If your data is sorted, MonetDB will choose a fast merge join. Which version of MonetDB are you using? Stable release or from the cvs? I hope I could help, lefteris
Best regards, Michael
------------------------------------------------------------------------- This SF.net email is sponsored by: Microsoft Defy all challenges. Microsoft(R) Visual Studio 2008. http://clk.atdmt.com/MRT/go/vse0120000070mrt/direct/01/ _______________________________________________ MonetDB-users mailing list MonetDB-users@lists.sourceforge.net https://lists.sourceforge.net/lists/listinfo/monetdb-users
Hi,
MonetDB does not support user defined clustered indeces. To have the same effect you will have to sort your data on x-y be explicitly stating it on your insert command, like:
INSERT INTO table_name (...) ORDER BY X,Y
I guess it is sufficient to do this when inserting the last tuple? I am loading up to 25M tuples, so sorting after each step is certainly a bad idea ;)
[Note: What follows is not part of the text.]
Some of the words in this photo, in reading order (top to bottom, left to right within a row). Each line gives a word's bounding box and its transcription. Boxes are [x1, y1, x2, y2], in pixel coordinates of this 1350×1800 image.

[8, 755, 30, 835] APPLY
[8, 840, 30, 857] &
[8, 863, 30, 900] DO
MonetDb then will know that your data is sorted and result in optimized plans. As far as I know there is no command to see the indices since there are no user indices.
b.) Does MonetDB support MergeJoins? I.e., assume I have a clustered index on columns R1.a and R2.a and perform a join on these columns, will this join be realized by an efficient merge join?
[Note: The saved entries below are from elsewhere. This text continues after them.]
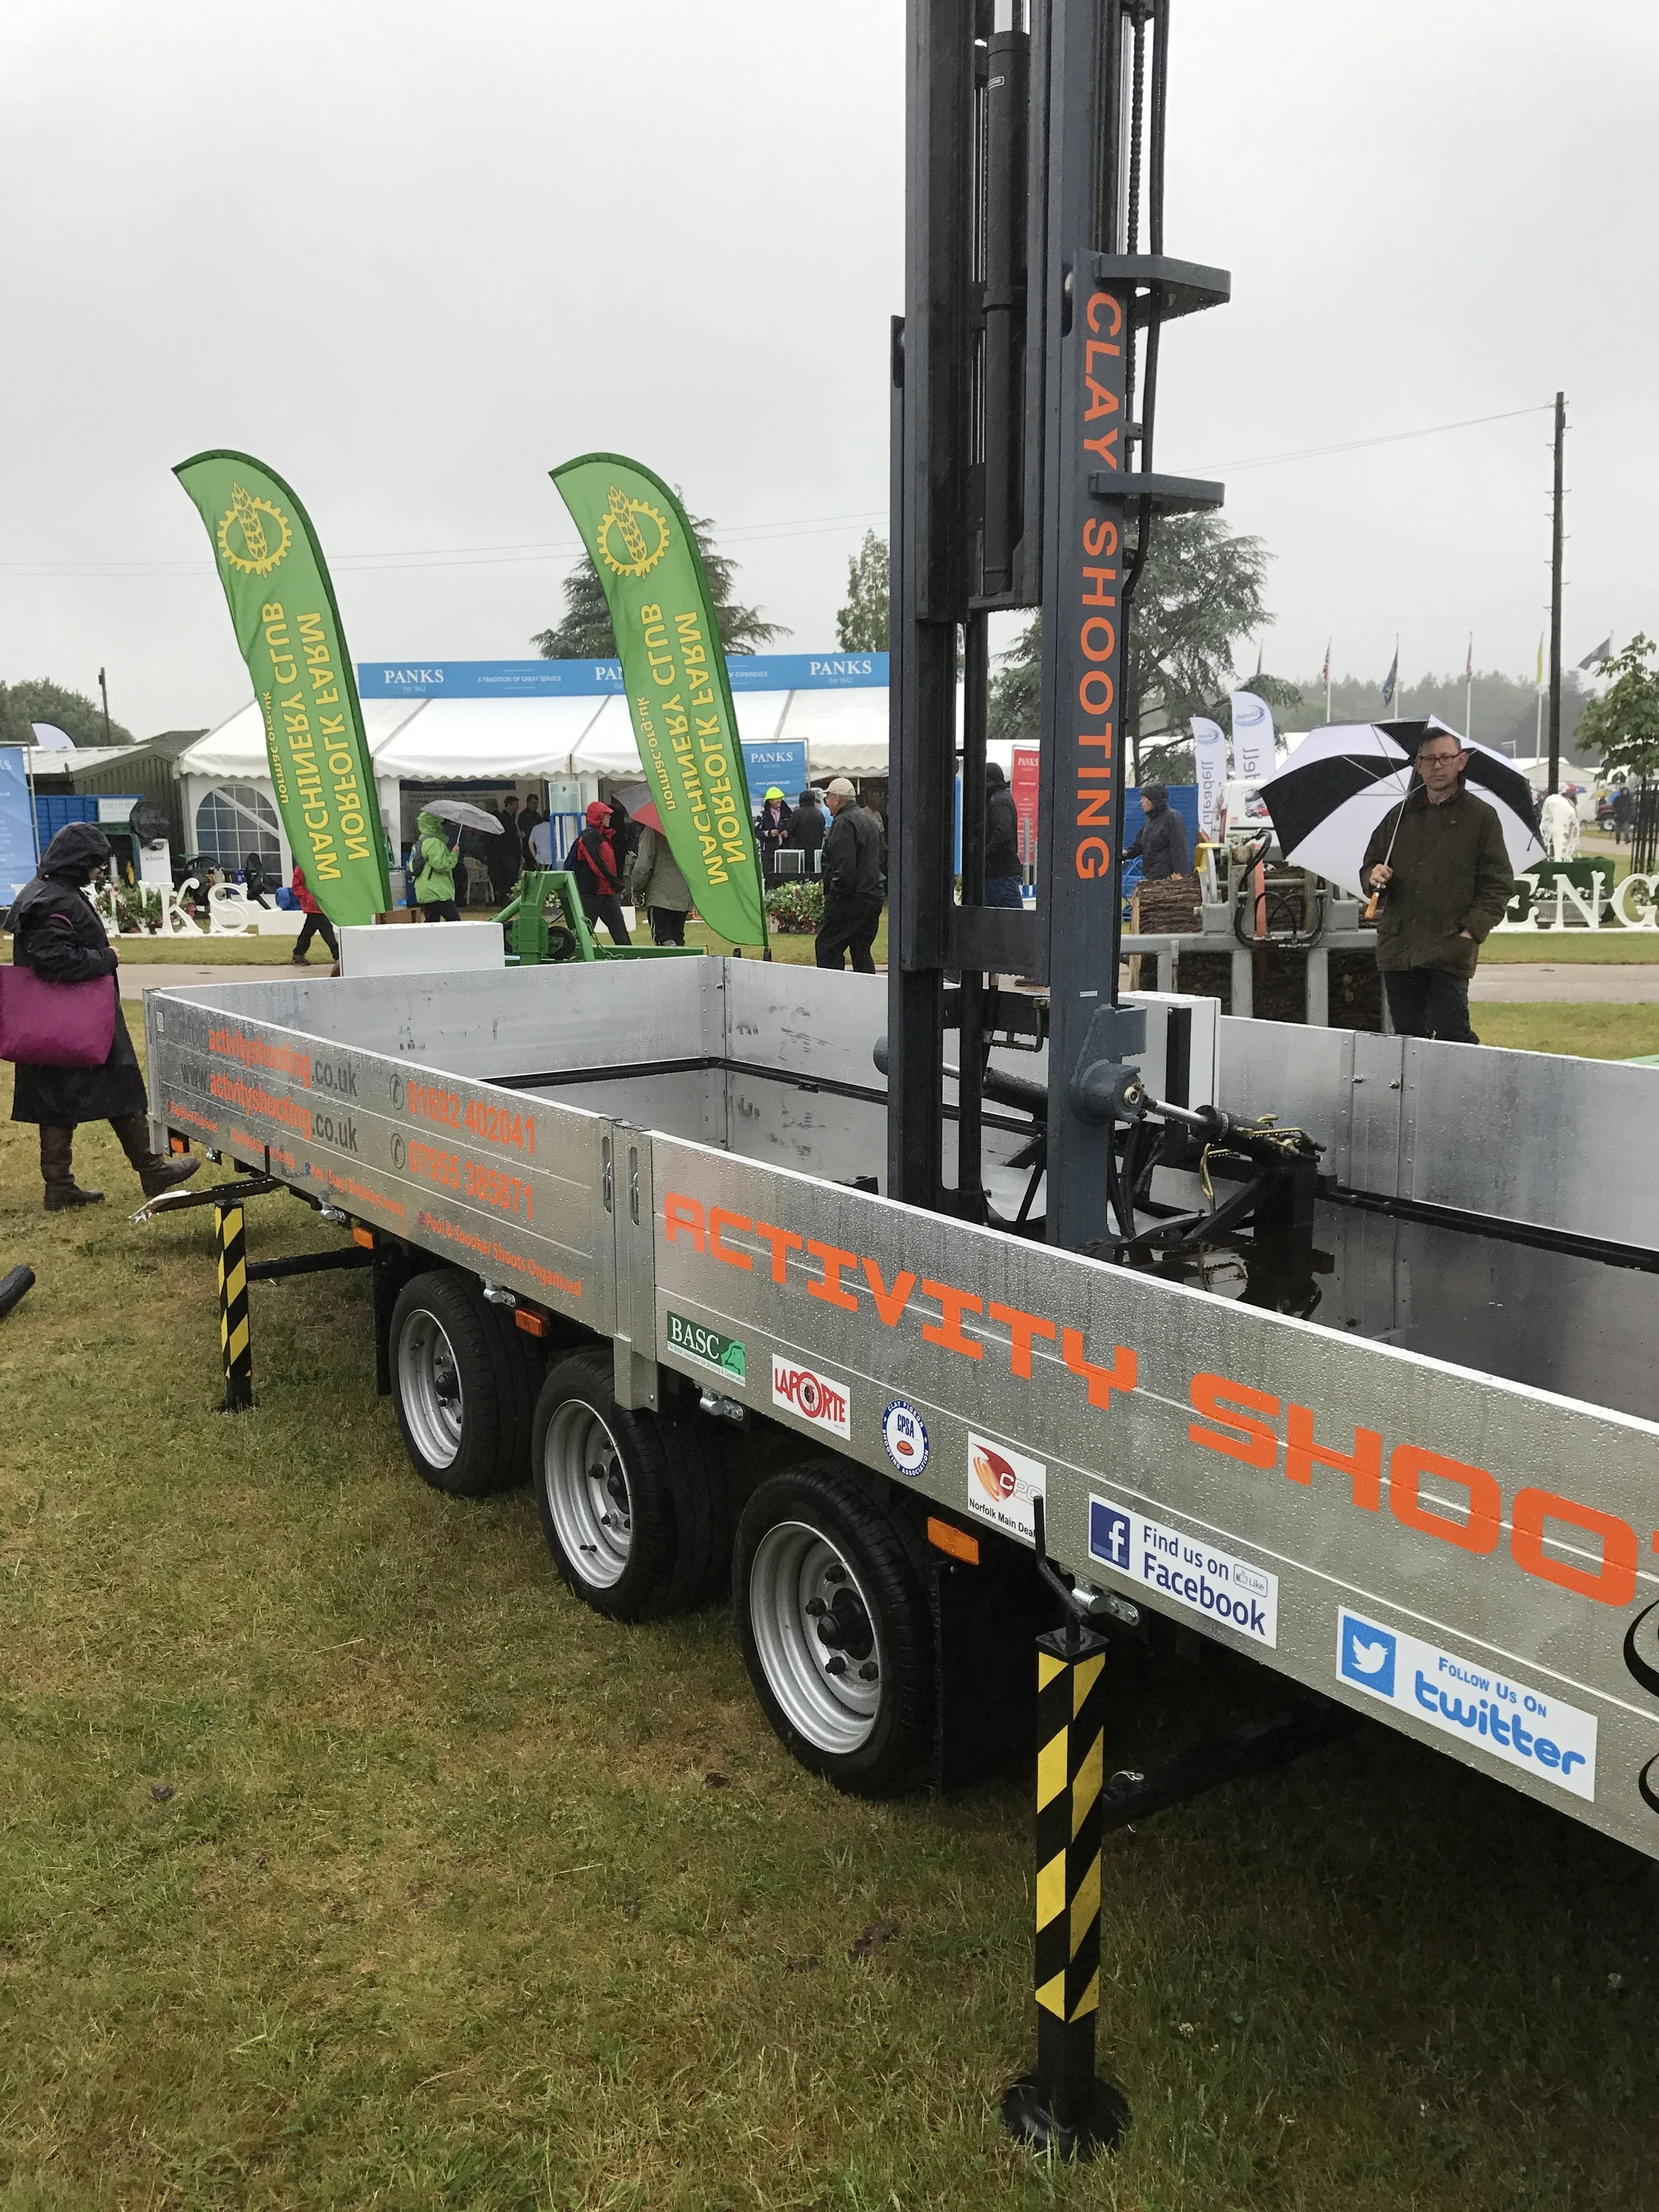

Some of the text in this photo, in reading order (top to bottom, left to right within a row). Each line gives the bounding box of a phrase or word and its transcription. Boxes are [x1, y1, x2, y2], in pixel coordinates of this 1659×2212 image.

[1076, 292, 1121, 879] CLAY SHOOTING
[384, 669, 444, 684] PANKS
[810, 660, 872, 676] PANKS
[751, 752, 794, 763] PANKS
[1017, 757, 1039, 767] PANKS
[407, 1079, 535, 1155] 01692 402041
[408, 1140, 534, 1220] 07955 385871
[528, 1258, 583, 1297] Organised
[671, 1317, 719, 1360] BASC
[665, 1192, 1659, 1607] ACTIVITY SHOO
[774, 1368, 845, 1422] LAPORTE
[888, 1400, 924, 1428] CLAY PIGEON
[897, 1414, 914, 1439] CPSA
[882, 1429, 929, 1476] SHOOTING ASSOCIATION
[970, 1497, 996, 1519] Norfolk
[998, 1511, 1017, 1529] Main
[1018, 1522, 1037, 1538] Deal
[1143, 1524, 1229, 1581] Find us on
[1143, 1551, 1266, 1636] Facebook
[1249, 1577, 1265, 1591] Like
[1414, 1670, 1586, 1775] twitter
If your data is sorted, MonetDB will choose a fast merge join.
OK, I will try the approach you proposed above, and compare the execution plans.
Which version of MonetDB are you using? Stable release or from the cvs?
Just installed the CVS version from today. And maybe it is of interest that I am running the queries with the new algebra (flag "-G"), which might affect the execution plan. Will report on my results later, thank you very much. Michael
Hi again,
MonetDB does not support user defined clustered indeces. To have the same effect you will have to sort your data on x-y be explicitly stating it on your insert command, like:
INSERT INTO table_name (...) ORDER BY X,Y
unfortunately, I get a parse error when specifying this statement: "!syntax error, unexpected ORDER, expecting SCOLON [...]". I tried to find something like similar in the manual, but did not succees. So how can I force sorting? And is there any way to sort without an INSERT statement? Regards, Michael
On Tue, Mar 25, 2008 at 02:25:52AM +0100, Michael Schmidt wrote:
Hi again,
MonetDB does not support user defined clustered indeces. To have the same effect you will have to sort your data on x-y be explicitly stating it on your insert command, like:
INSERT INTO table_name (...) ORDER BY X,Y
unfortunately, I get a parse error when specifying this statement: "!syntax error, unexpected ORDER, expecting SCOLON [...]". I tried to find something like similar in the manual, but did not succees. So how can I force sorting? And is there any way to sort without an INSERT statement?
The following statement should work. INSERT INTO tname select * from input_table order by X, Y, Z; Niels
Regards, Michael
------------------------------------------------------------------------- This SF.net email is sponsored by: Microsoft Defy all challenges. Microsoft(R) Visual Studio 2008. http://clk.atdmt.com/MRT/go/vse0120000070mrt/direct/01/ _______________________________________________ MonetDB-users mailing list MonetDB-users@lists.sourceforge.net https://lists.sourceforge.net/lists/listinfo/monetdb-users
-- Niels Nes, Centre for Mathematics and Computer Science (CWI) Kruislaan 413, 1098 SJ Amsterdam, The Netherlands room C0.02, phone ++31 20 592-4098, fax ++31 20 592-4312 url: http://www.cwi.nl/~niels e-mail: Niels.Nes@cwi.nl
Hi Niels,
INSERT INTO table_name (...) ORDER BY X,Y
OK, thank you for your answer. Two more questions: 1.) Is it also ok to insert the triples in sorted order one after the other, instead of copying combined with ORDER BY? Is there any possibility to see whether MonetDB /really/ recognizes that tuples are ordered? 2.) How can I detect whether MonetDB chooses merge joins when joining on ordered columns. I used EXPLAIN and investigated the QEP (though I must confess that I don't really understand what's going on), but there were only "algebra.join" operations, whatever this means... Michael
On Wed, Mar 26, 2008 at 02:28:05AM +0100, Michael Schmidt wrote:
Hi Niels,
INSERT INTO table_name (...) ORDER BY X,Y
OK, thank you for your answer. Two more questions:
1.) Is it also ok to insert the triples in sorted order one after the other, instead of copying combined with ORDER BY? Is there any possibility to see whether MonetDB /really/ recognizes that tuples are ordered? Inserting them one at the time will be slow but indeed we should recognize that the insorted values are sorted.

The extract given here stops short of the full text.